In this session, Frithjof Wegener (University of Twente) and A. Georges L. (Sjoerd) Romme (TU Eindhoven) presented key ideas from their manuscript, “The pragmatist underpinnings of design science” (proposed for the Springer Handbook of Philosophy of Management).
A distinctive feature of their approach is that they connect design science in management to insights on design from design studies, especially the pragmatist tradition of design inquiry associated with Donald Schön, alongside John Dewey’s pragmatist philosophy. They also draw on Charles S. Peirce, particularly his pragmatist account of what makes science distinctive.

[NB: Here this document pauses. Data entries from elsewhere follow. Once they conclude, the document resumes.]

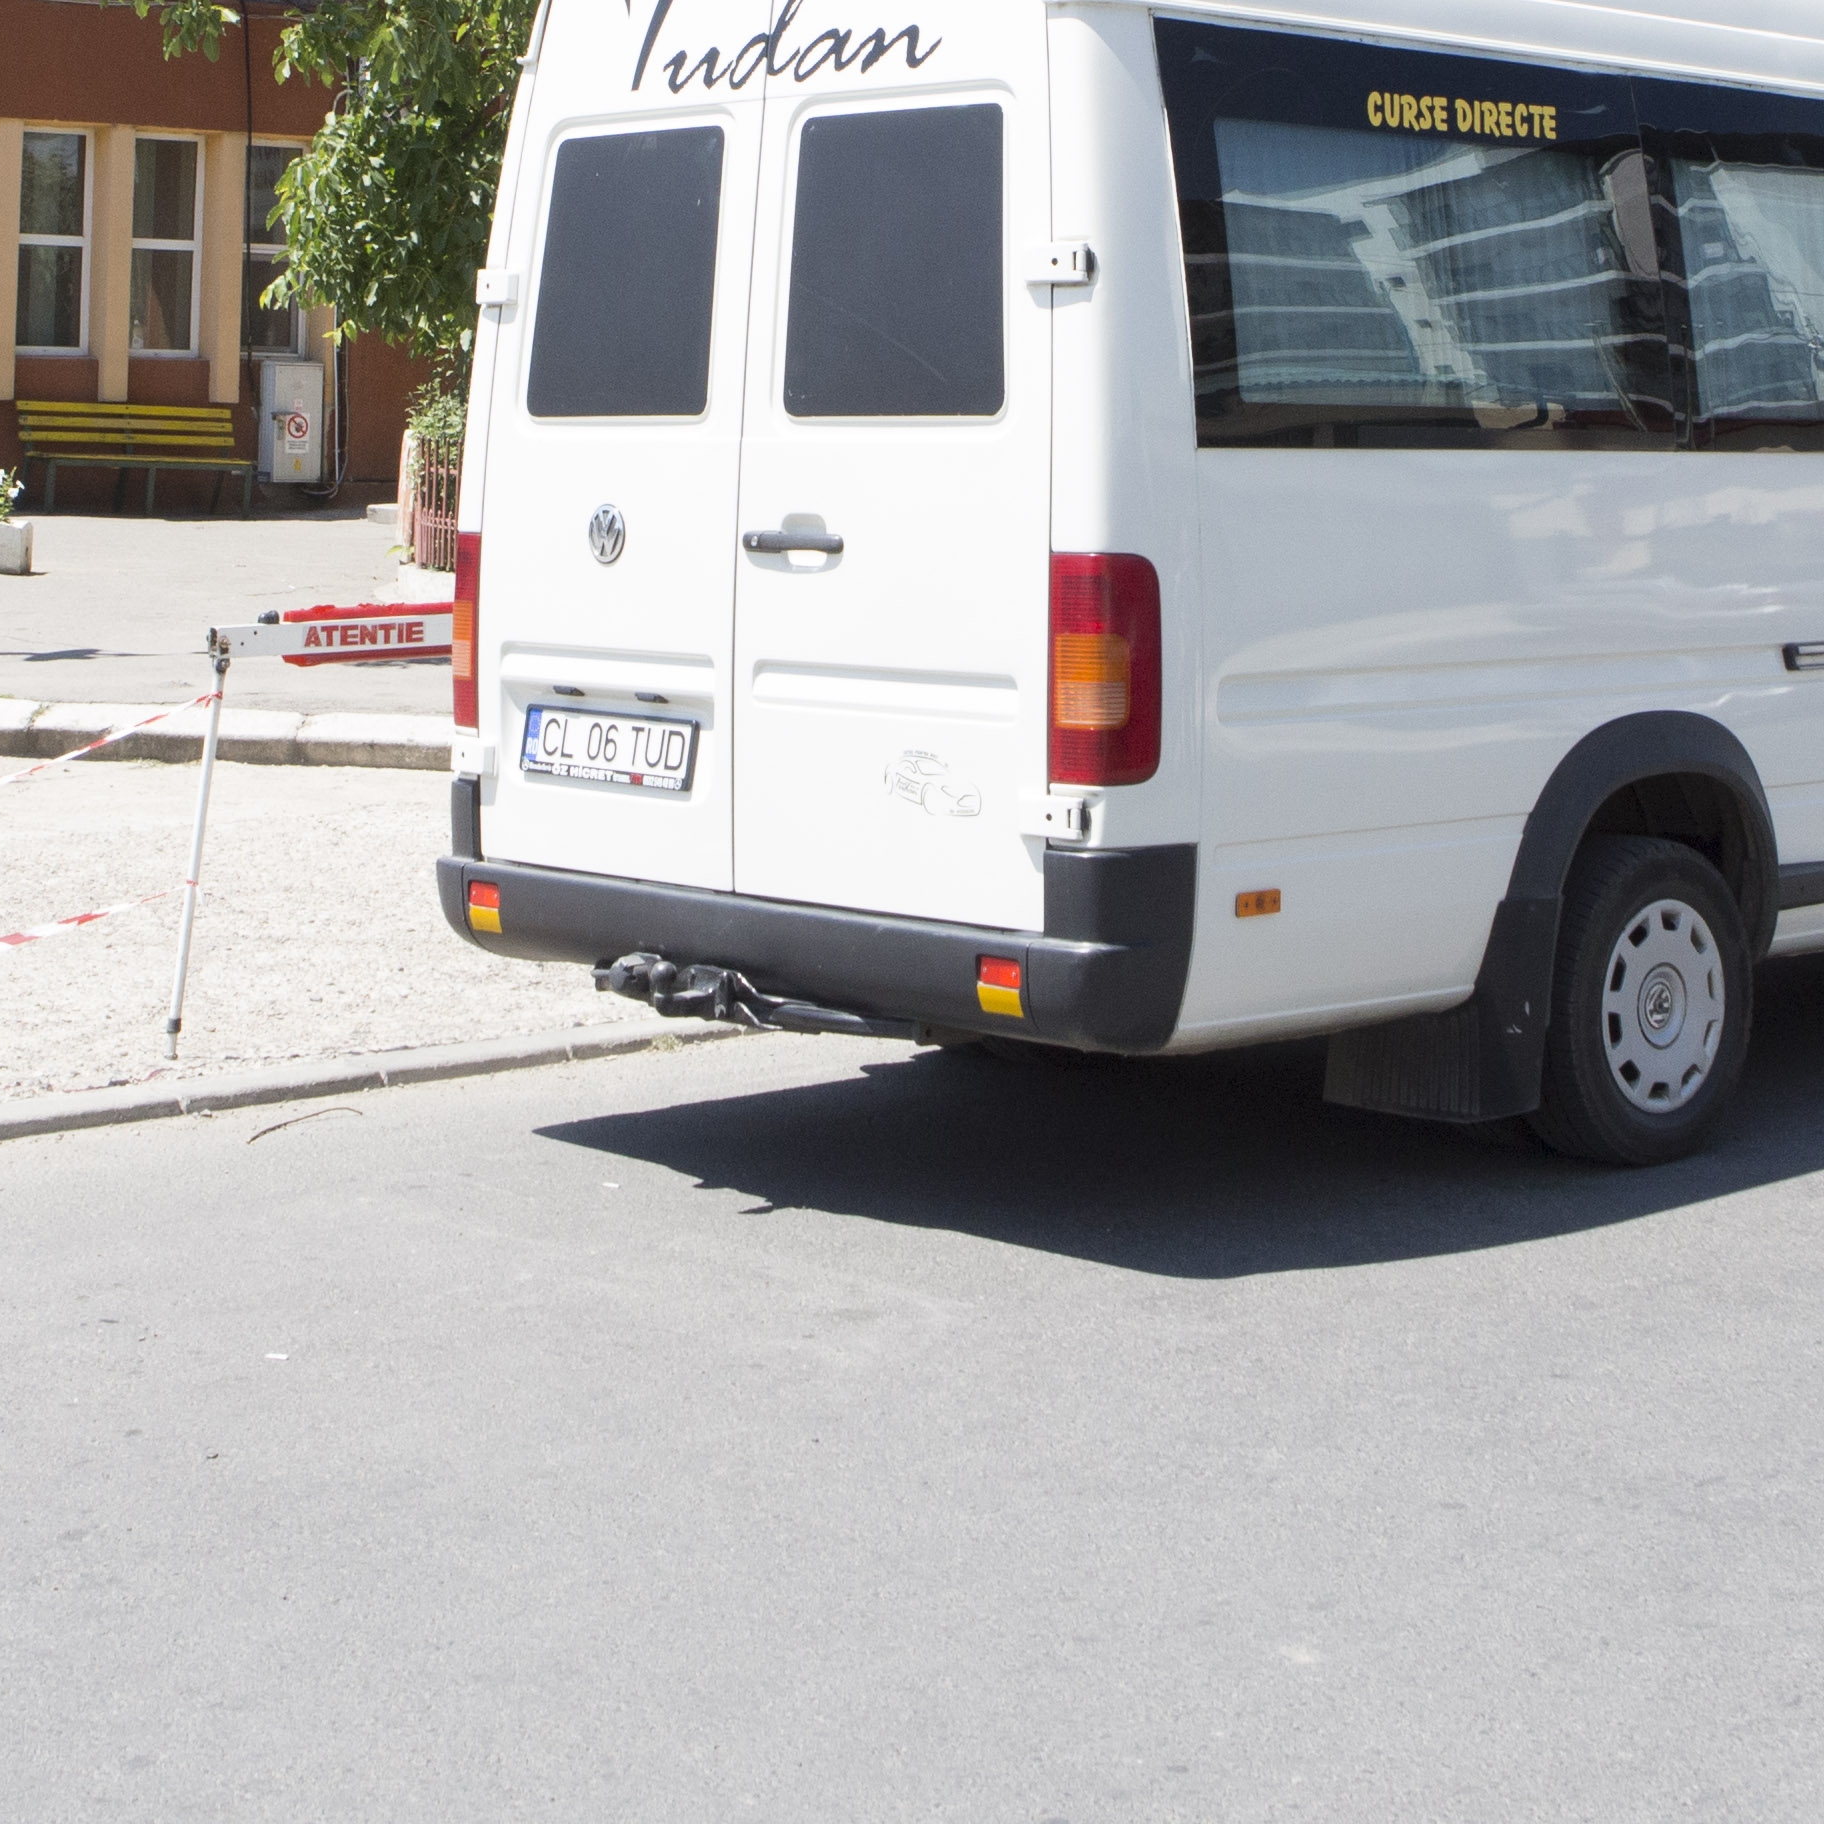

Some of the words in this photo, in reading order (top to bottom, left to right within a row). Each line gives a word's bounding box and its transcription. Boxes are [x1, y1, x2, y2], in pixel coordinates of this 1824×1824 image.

[1367, 91, 1448, 132] CURSE
[1454, 98, 1557, 140] DIRECTE
[304, 621, 424, 648] ATENTIE
[542, 717, 574, 759] CL
[587, 722, 619, 763] 06
[631, 726, 686, 771] TUD
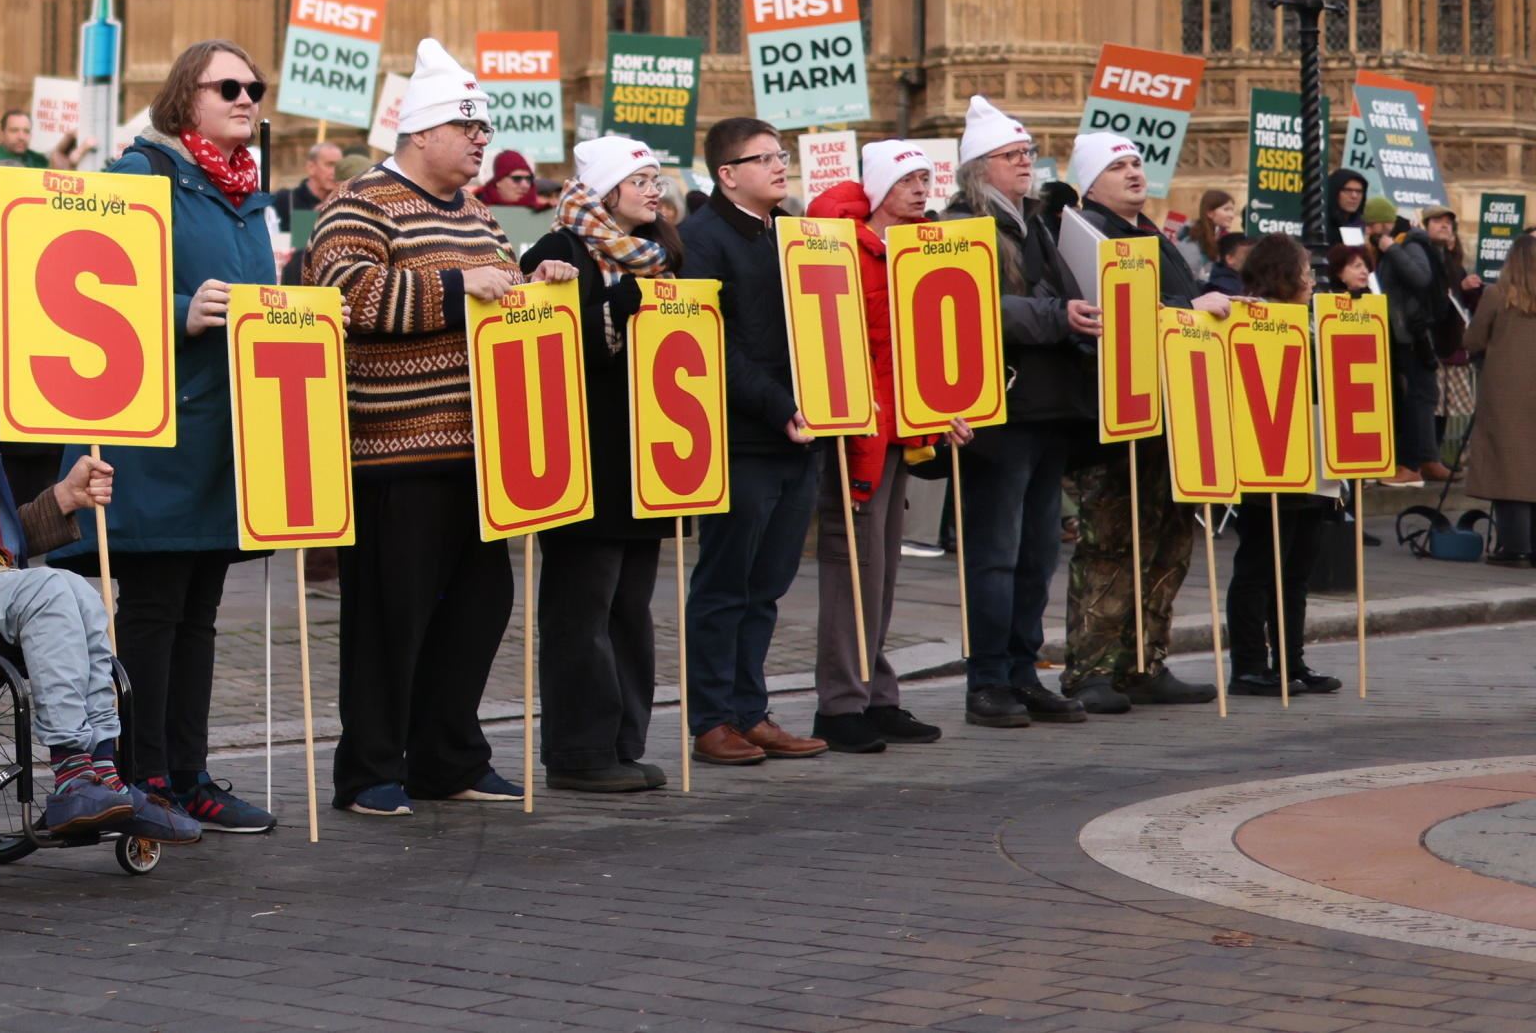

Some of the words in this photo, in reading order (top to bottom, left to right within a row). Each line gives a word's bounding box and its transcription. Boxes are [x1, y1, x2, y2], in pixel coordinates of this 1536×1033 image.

[294, 39, 328, 61] DO
[335, 47, 369, 70] NO
[760, 42, 802, 66] DO
[811, 36, 852, 60] NO
[481, 50, 553, 74] FIRST
[613, 54, 655, 70] DON'T
[657, 57, 694, 73] OPEN
[290, 63, 367, 95] HARM
[611, 70, 635, 85] THE
[637, 71, 674, 87] DOOR
[675, 73, 694, 89] TO
[763, 63, 856, 95] HARM
[1100, 65, 1191, 101] FIRST
[40, 99, 57, 109] KILL
[63, 101, 78, 110] THE
[523, 92, 553, 109] NO
[612, 85, 690, 106] ASSISTED
[614, 105, 685, 126] SUICIDE
[1371, 100, 1407, 116] CHOICE
[40, 122, 56, 132] THE
[1090, 109, 1131, 132] DO
[1136, 117, 1176, 139] NO
[1256, 112, 1291, 132] DON'T
[1368, 114, 1390, 128] FOR
[1391, 116, 1399, 130] A
[1399, 117, 1418, 132] FEW
[809, 141, 846, 155] PLEASE
[1254, 130, 1275, 146] THE
[1278, 132, 1303, 150] DOO
[816, 155, 842, 167] VOTE
[934, 162, 951, 172] THE
[1257, 148, 1303, 171] ASSIST
[1379, 149, 1430, 167] COERCION
[810, 167, 851, 179] AGAINST
[935, 174, 954, 184] NOT
[1258, 170, 1303, 193] SUICI
[1382, 164, 1404, 178] FOR
[1405, 166, 1434, 181] MANY
[49, 174, 79, 194] not
[52, 192, 97, 212] dead
[100, 197, 126, 217] yet
[1490, 202, 1516, 214] CHOICE
[1484, 212, 1498, 223] FOR
[1498, 213, 1505, 224] A
[1505, 213, 1520, 225] FEW
[802, 221, 818, 236] not
[920, 227, 939, 240] not
[807, 236, 828, 251] dead
[829, 238, 840, 253] yet
[923, 238, 951, 255] dead
[954, 240, 969, 255] yet
[1117, 243, 1129, 256] not
[1119, 256, 1135, 270] dead
[1136, 255, 1145, 271] yet
[1480, 249, 1495, 260] FOR
[264, 292, 283, 308] not
[502, 292, 523, 307] not
[657, 283, 674, 299] not
[660, 299, 685, 316] dead
[687, 301, 700, 318] yet
[1336, 297, 1351, 309] not
[267, 307, 297, 325] dead
[299, 310, 315, 329] yet
[506, 306, 536, 325] dead
[538, 303, 553, 325] yet
[1178, 312, 1192, 326] not
[1249, 306, 1266, 319] not
[1340, 309, 1357, 322] dead
[1358, 310, 1370, 324] yet
[29, 229, 144, 421] S
[1182, 324, 1201, 338] dead
[1201, 327, 1212, 342] yet
[1252, 319, 1275, 332] dead
[1276, 320, 1288, 335] yet
[798, 264, 849, 417] T
[912, 267, 984, 413] O
[1115, 283, 1151, 425] L
[1331, 334, 1382, 463] E
[651, 330, 712, 495] S
[1190, 351, 1217, 486] I
[1234, 343, 1302, 477] V
[492, 332, 571, 510] U
[253, 342, 326, 527] T
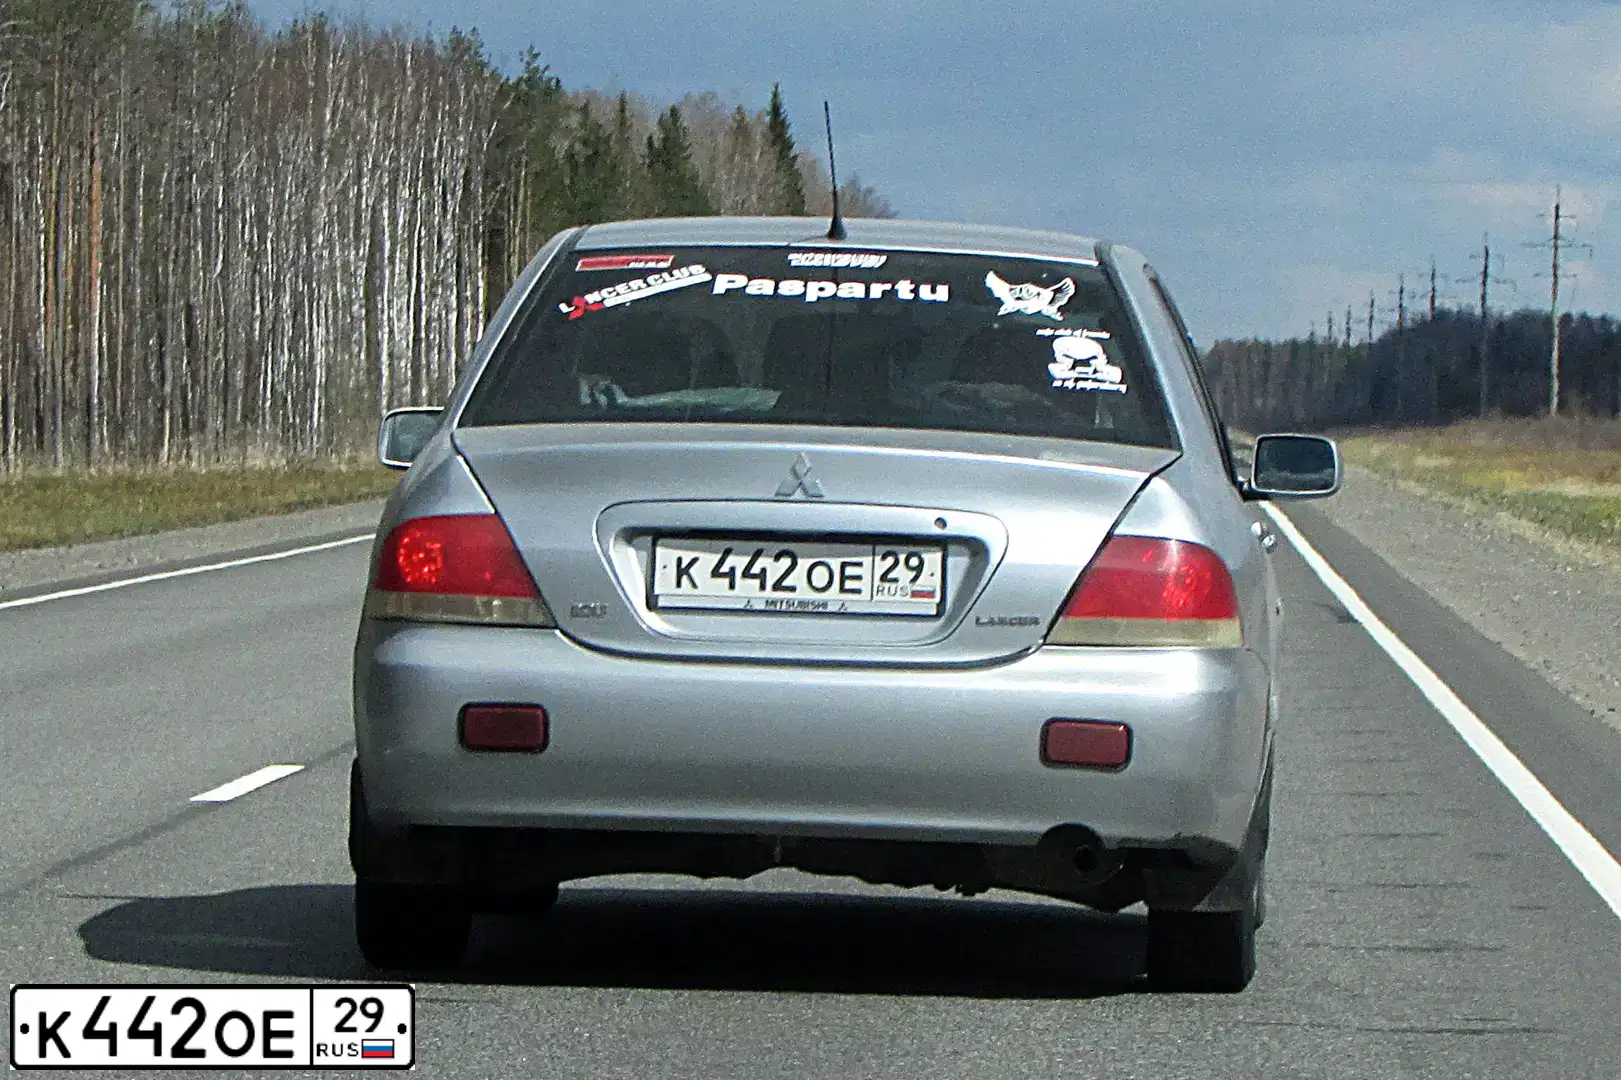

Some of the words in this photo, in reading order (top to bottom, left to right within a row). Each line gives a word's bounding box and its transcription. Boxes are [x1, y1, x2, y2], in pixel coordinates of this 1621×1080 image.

[712, 273, 949, 302] Paspartu
[879, 550, 925, 583] 29
[876, 585, 909, 597] RUS

Building on these foundations, the presentation unpacked how pragmatism frames:
➡️ knowledge and knowing as situated and practice-based,
➡️ the interaction of abductive, inductive, and deductive reasoning in design inquiry,
➡️ and why processual ontology, performative epistemology, and social epistemology matter for how we generate, test, and justify design knowledge.
To ground these ideas, they also briefly map the contemporary design science landscape—key labels, cycles, and methodological variants in management—and illustrate how these play out in completed studies.
After the input session, the room was opened up for a Q&A.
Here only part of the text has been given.